## SOURCE DATA
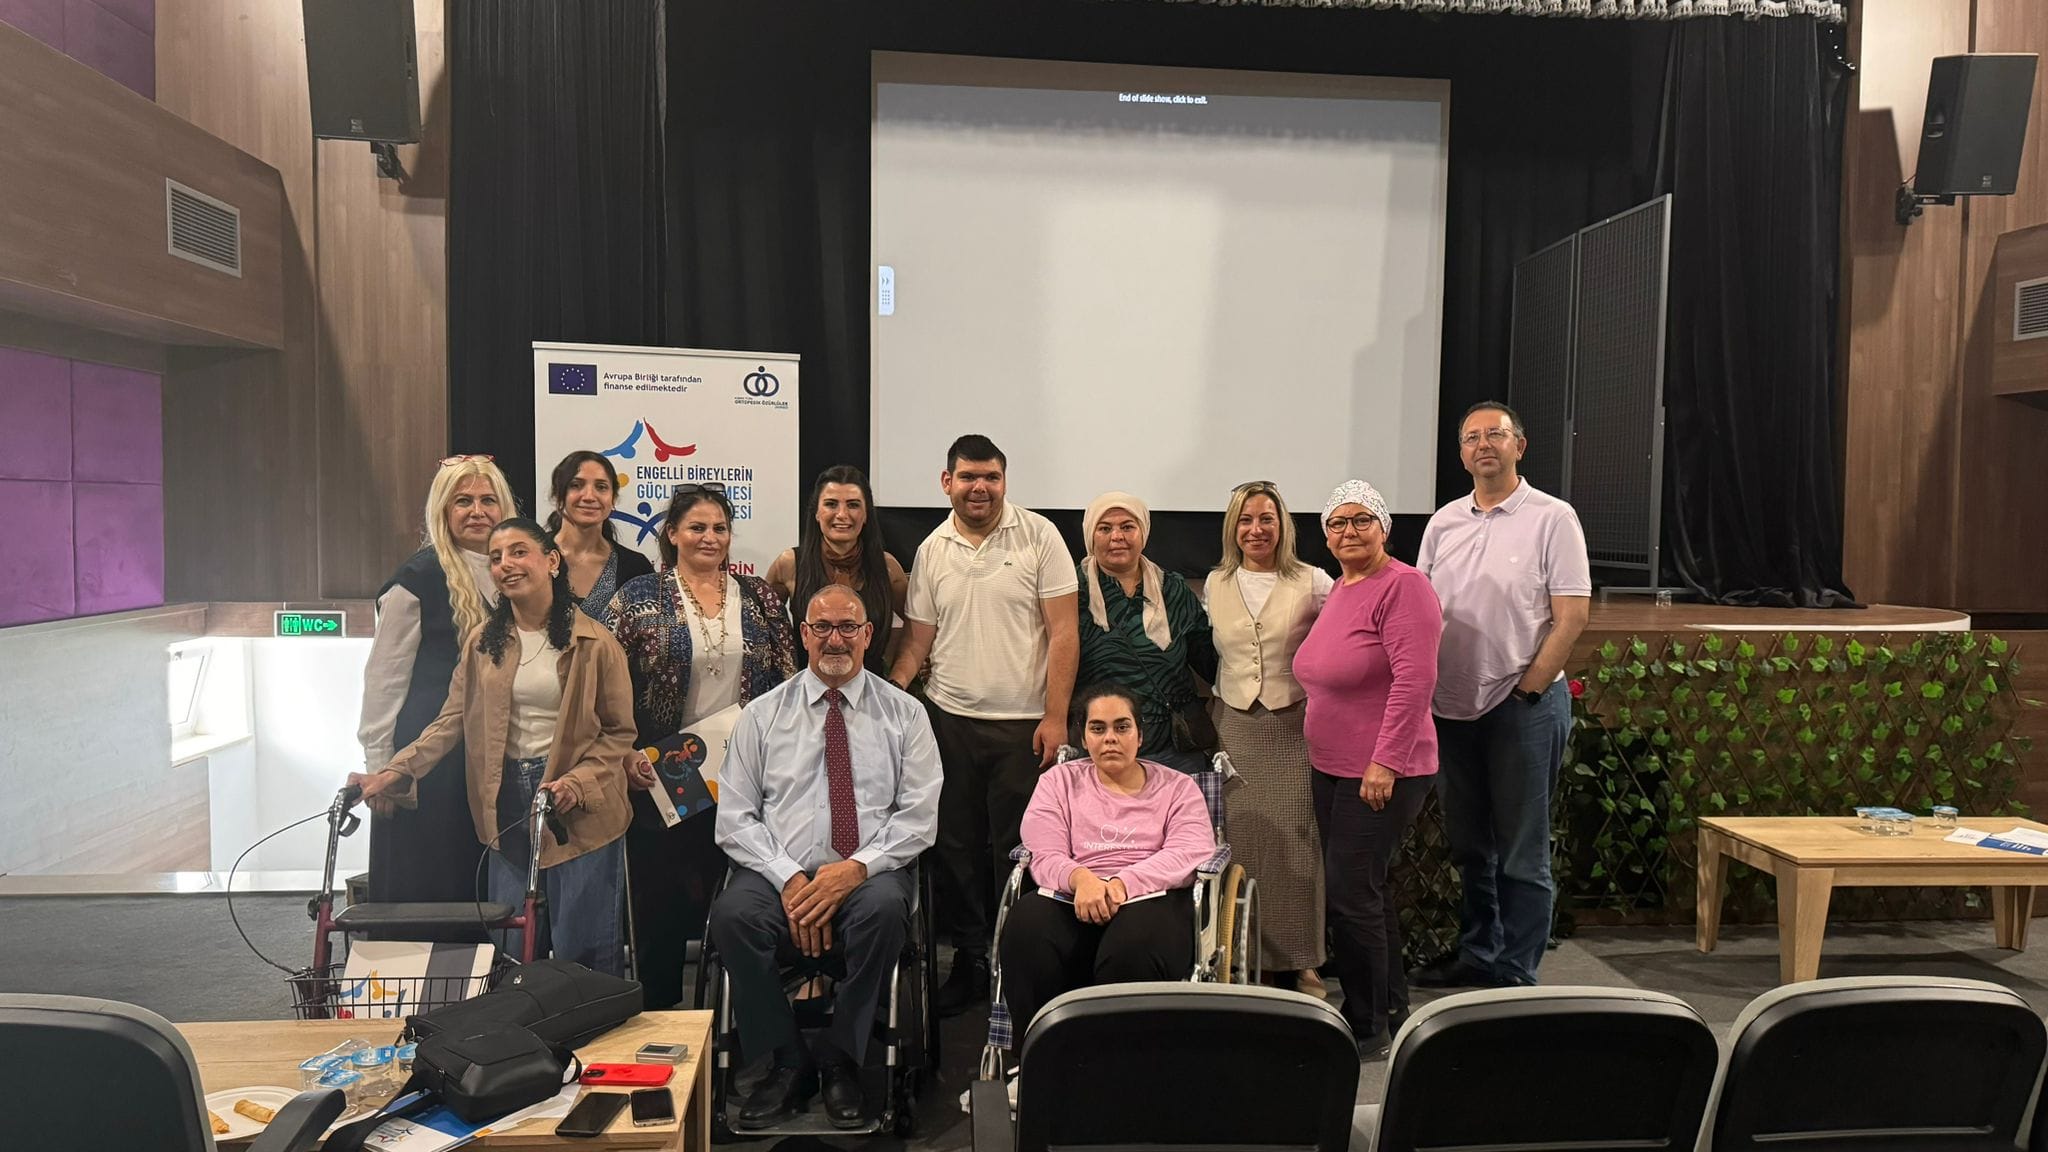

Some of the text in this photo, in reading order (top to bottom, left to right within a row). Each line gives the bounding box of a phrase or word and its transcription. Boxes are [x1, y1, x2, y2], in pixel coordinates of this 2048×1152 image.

[1119, 93, 1208, 104] End of slide show, click to exit.
[603, 372, 702, 383] Avrupa Birliği tarafından
[604, 382, 688, 392] finanse edilmektedir
[637, 464, 753, 481] ENGELLİ BİREYLERİN
[302, 618, 323, 632] WC
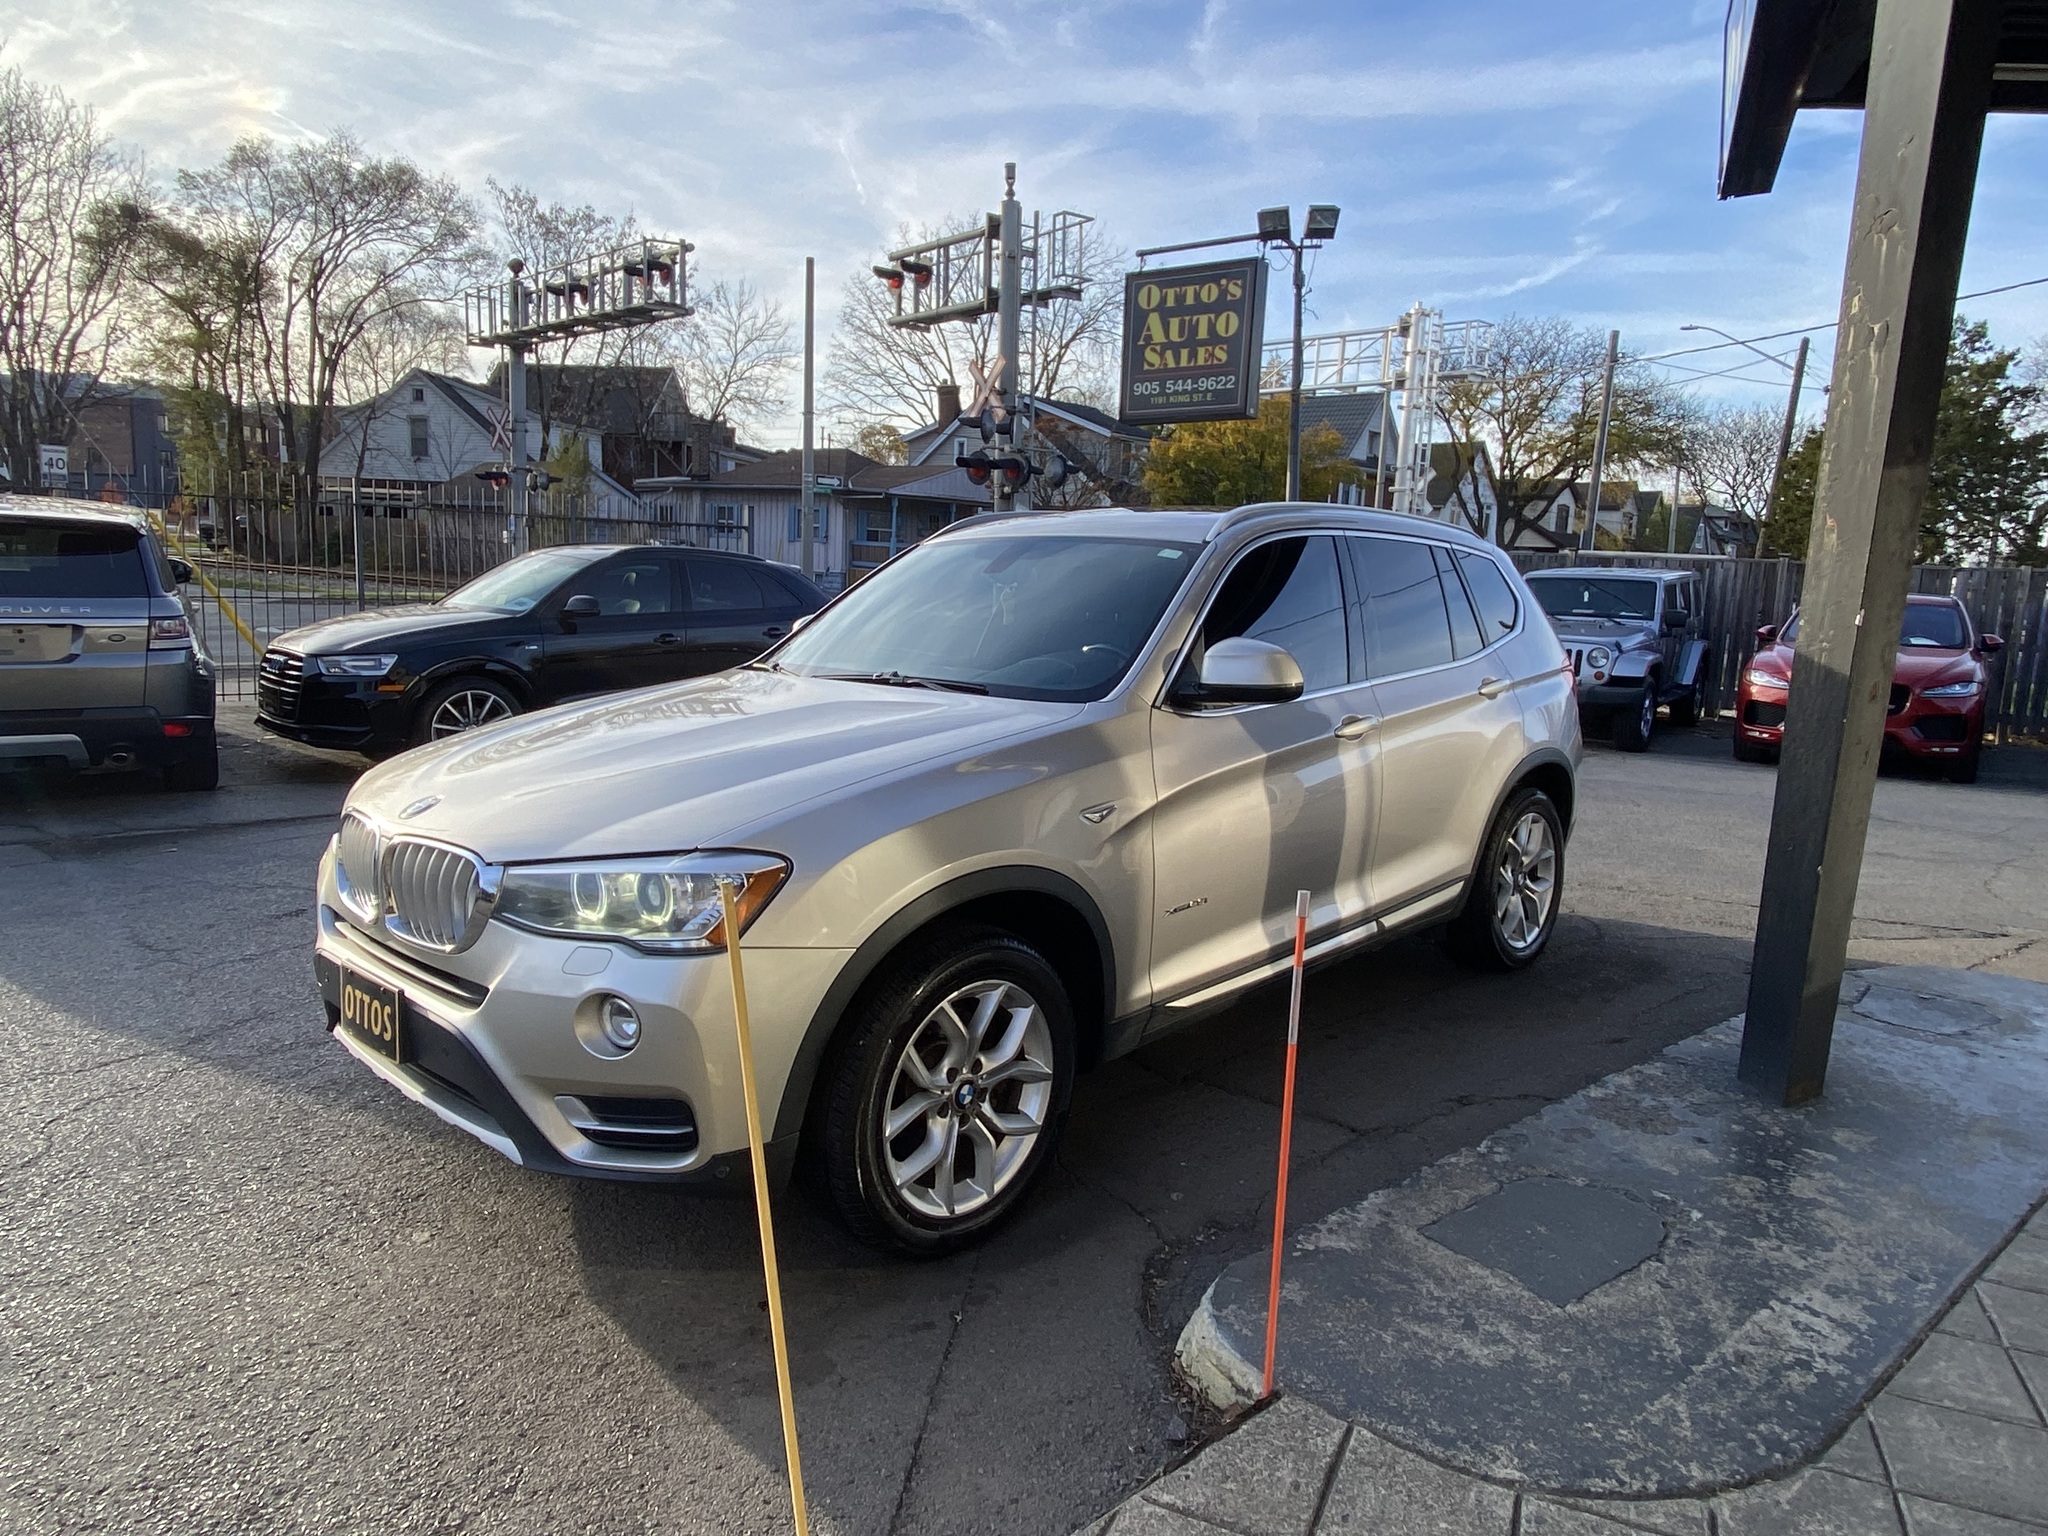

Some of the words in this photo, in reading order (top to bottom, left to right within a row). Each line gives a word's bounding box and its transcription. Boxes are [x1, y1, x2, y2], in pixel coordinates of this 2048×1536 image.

[1137, 278, 1243, 310] OTTO'S
[1137, 311, 1239, 345] AUTO
[1143, 344, 1228, 371] SALES
[1133, 381, 1160, 396] 905
[1165, 375, 1236, 393] 544-9622
[1169, 393, 1190, 403] KING
[44, 457, 66, 470] 40
[0, 606, 92, 614] ROVER
[344, 984, 392, 1041] OTTOS

## WHAT TO WORK ON
Copy out all the data above exactly, minus the images.

## SOLUTION TO THE EXERCISE
Some of the text in this photo, in reading order (top to bottom, left to right within a row). Each line gives the bounding box of a phrase or word and its transcription. Boxes are [x1, y1, x2, y2], in pixel coordinates of this 2048×1152 image.

[1119, 93, 1208, 104] End of slide show, click to exit.
[603, 372, 702, 383] Avrupa Birliği tarafından
[604, 382, 688, 392] finanse edilmektedir
[637, 464, 753, 481] ENGELLİ BİREYLERİN
[302, 618, 323, 632] WC

Some of the words in this photo, in reading order (top to bottom, left to right within a row). Each line gives a word's bounding box and its transcription. Boxes are [x1, y1, x2, y2], in pixel coordinates of this 2048×1536 image.

[1137, 278, 1243, 310] OTTO'S
[1137, 311, 1239, 345] AUTO
[1143, 344, 1228, 371] SALES
[1133, 381, 1160, 396] 905
[1165, 375, 1236, 393] 544-9622
[1169, 393, 1190, 403] KING
[44, 457, 66, 470] 40
[0, 606, 92, 614] ROVER
[344, 984, 392, 1041] OTTOS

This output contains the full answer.